Thread: [SOLVED] Zimbra/Samba integration: posix user not created

  1. #1
    Join Date
    Oct 2005
    Posts
    13
    Rep Power
    10

    Question [SOLVED] Zimbra/Samba integration: posix user not created

    Following Greg's awesome tutorial I was able to get nearly everything set up to auth samba against the zimbra directory on Centos 5.

    However, one curious problem is that I can create the posix/samba groups, but not users. After adding a new user in zimbra, I run getent passwd but do not see the user. I cannot log into the samba shares as that user unless I create them by hand using useradd and smbpasswd -a which defeats the purpose of having it managed in zimbra.

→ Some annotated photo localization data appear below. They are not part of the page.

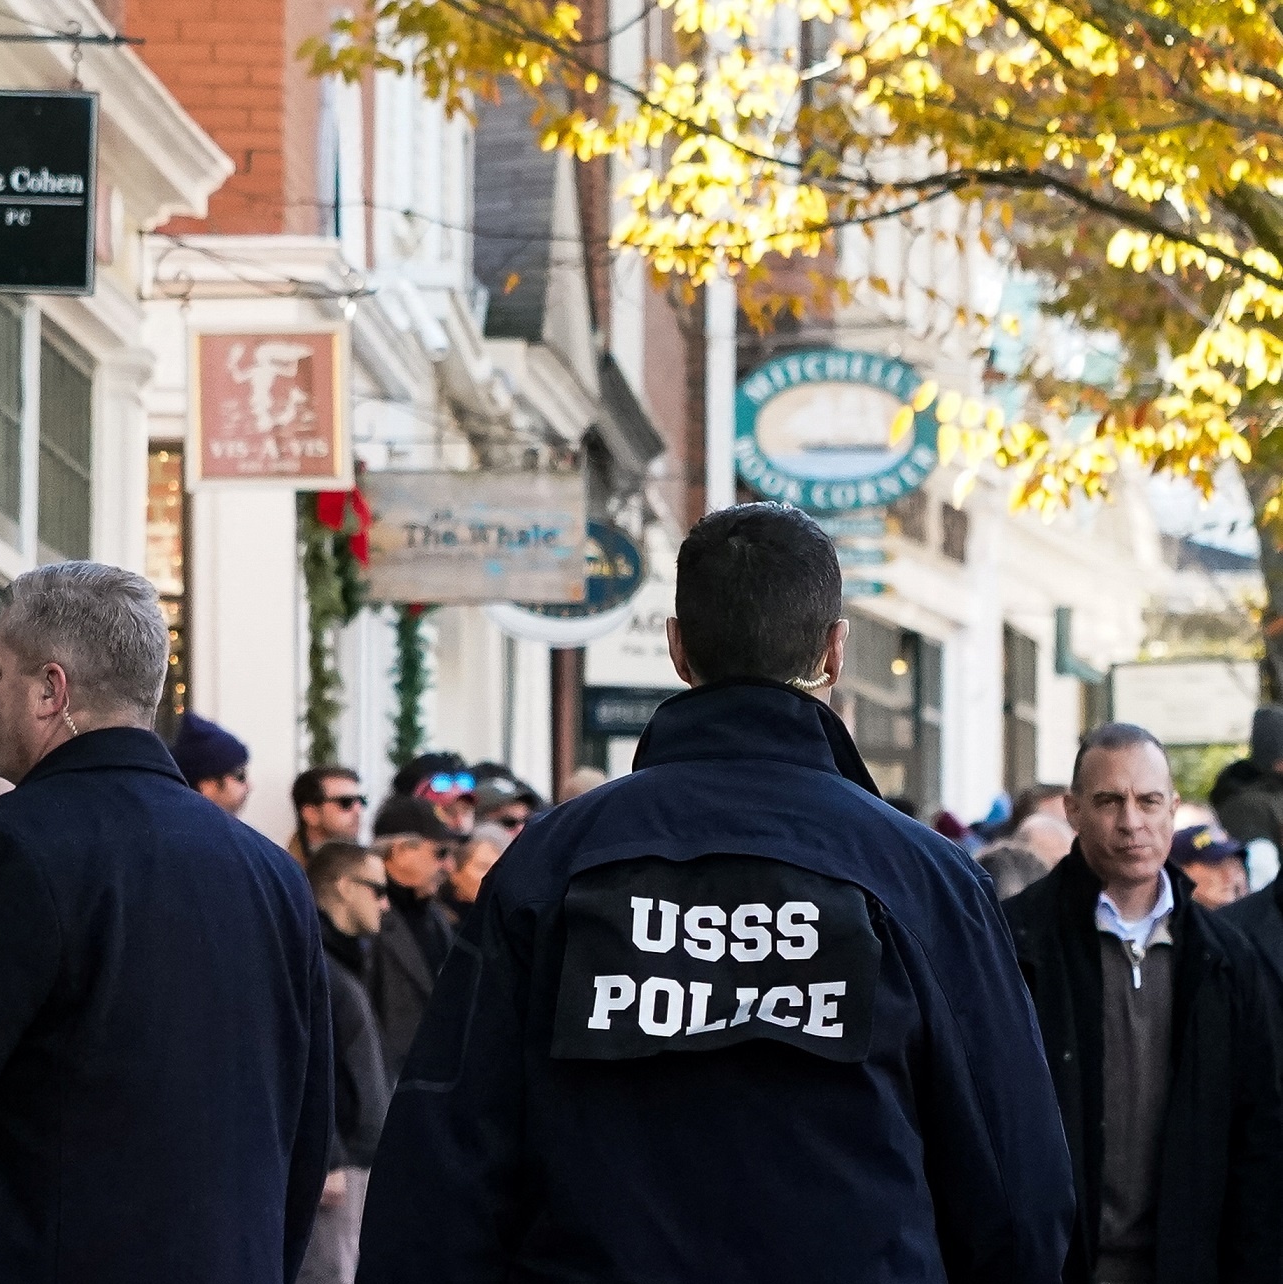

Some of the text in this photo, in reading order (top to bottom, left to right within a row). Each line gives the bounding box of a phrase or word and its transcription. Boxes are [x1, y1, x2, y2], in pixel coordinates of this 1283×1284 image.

[10, 166, 83, 194] Cohen
[5, 208, 32, 227] PC
[810, 444, 934, 509] CORNER
[630, 896, 820, 962] USSS
[587, 974, 847, 1038] POLICE
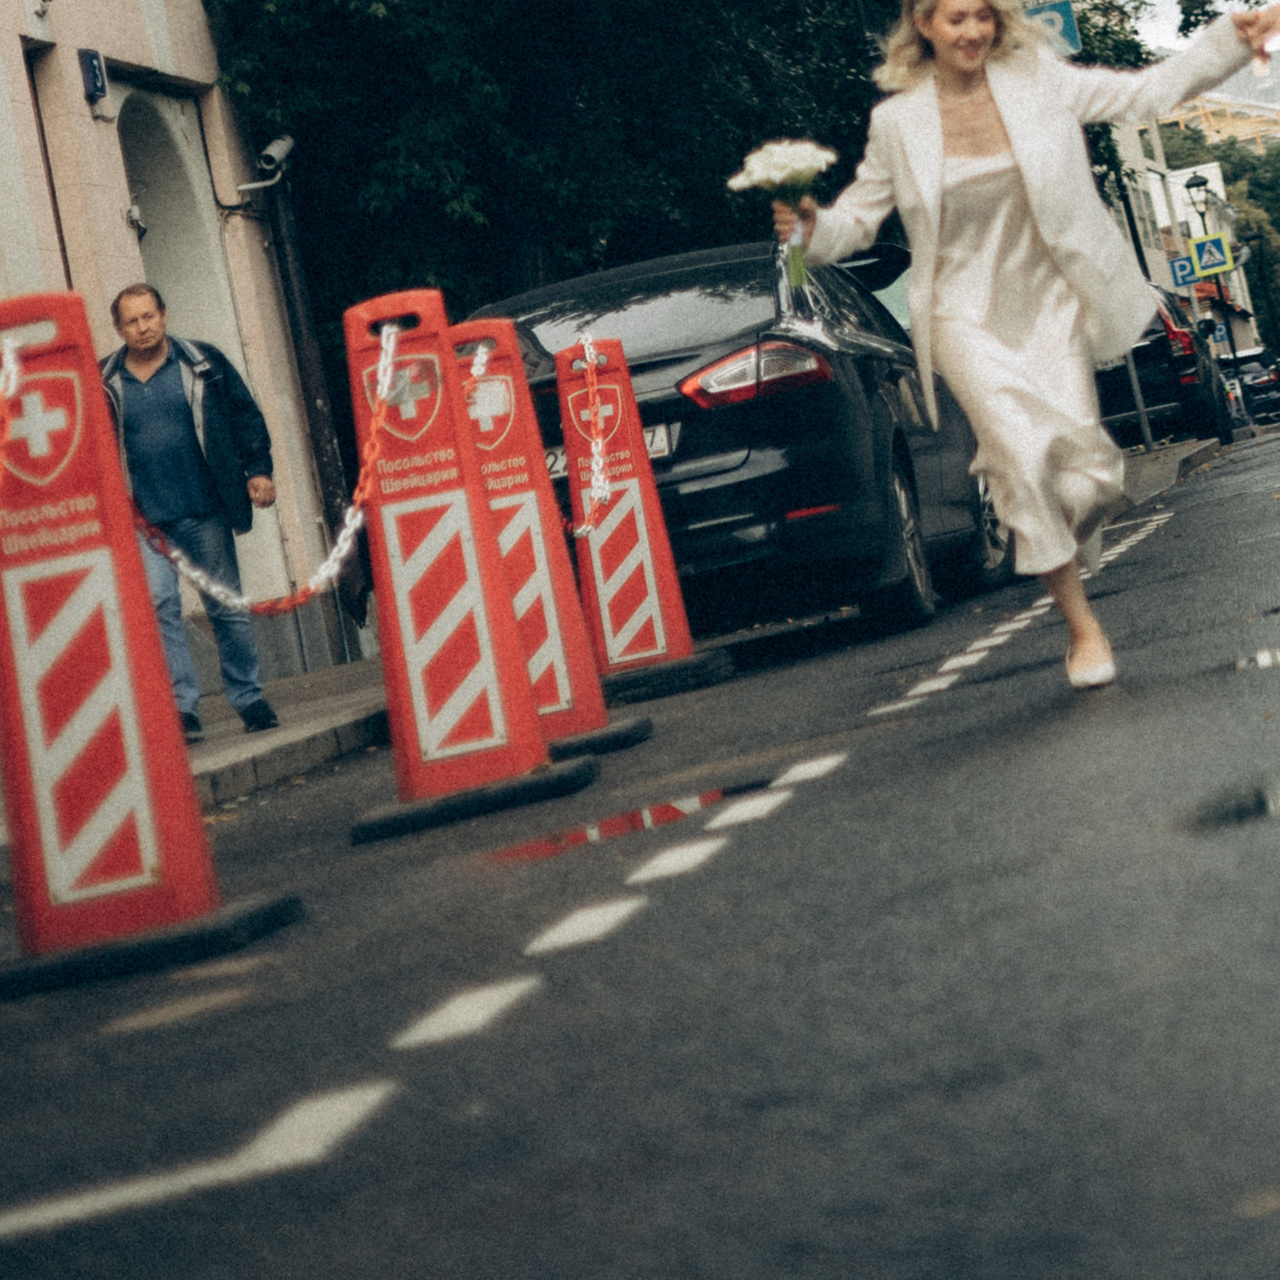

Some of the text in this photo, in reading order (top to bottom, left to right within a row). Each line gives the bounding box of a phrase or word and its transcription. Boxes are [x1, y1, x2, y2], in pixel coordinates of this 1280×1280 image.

    After I create the user in Manage Addresses, the Samba Account tab shows the hex password in the field sambaNTPassword so I gather that it's creating everything correctly, but samba isn't talking to the ldap server. My smb.conf contains the following:
    Code:
      ldap passwd sync = yes
      passdb backend = ldapsam:ldap://zimbra.asdf.com/
      ldap admin dn = "uid=zimbra,cn=admins,cn=zimbra"
      ldap suffix = dc=zimbra,dc=asdf,dc=com
      ldap group suffix = ou=groups
      ldap user suffix = ou=people
      ldap machine suffix = ou=machines
    I think my problem is with pam. Try as I might, I still haven't wrapped my head around pam . Where should I look for clues next? TIA

    -Scott

  2. #2
    Join Date
    Jul 2007
    Posts
    98
    Rep Power
    8

    Default

    Look for info in /var/log/messages

    So, getent group works?

  3. #3
    Join Date
    Oct 2005
    Posts
    13
    Rep Power
    10

    Default

    Quote Originally Posted by fajarpri View Post
    Look for info in /var/log/messages

    So, getent group works?
    Yes, getent group shows the following:
    ...
    exim:x:93:
    zimbra:x:500:
    postfix:x:501:zimbra
    postdrop:x:502:
    Users:*:10001:
    Admins:*:10002:
    Accounting:*:10003:
    User, Admins, and Accounting are groups I added through the zimbra webadmin interface.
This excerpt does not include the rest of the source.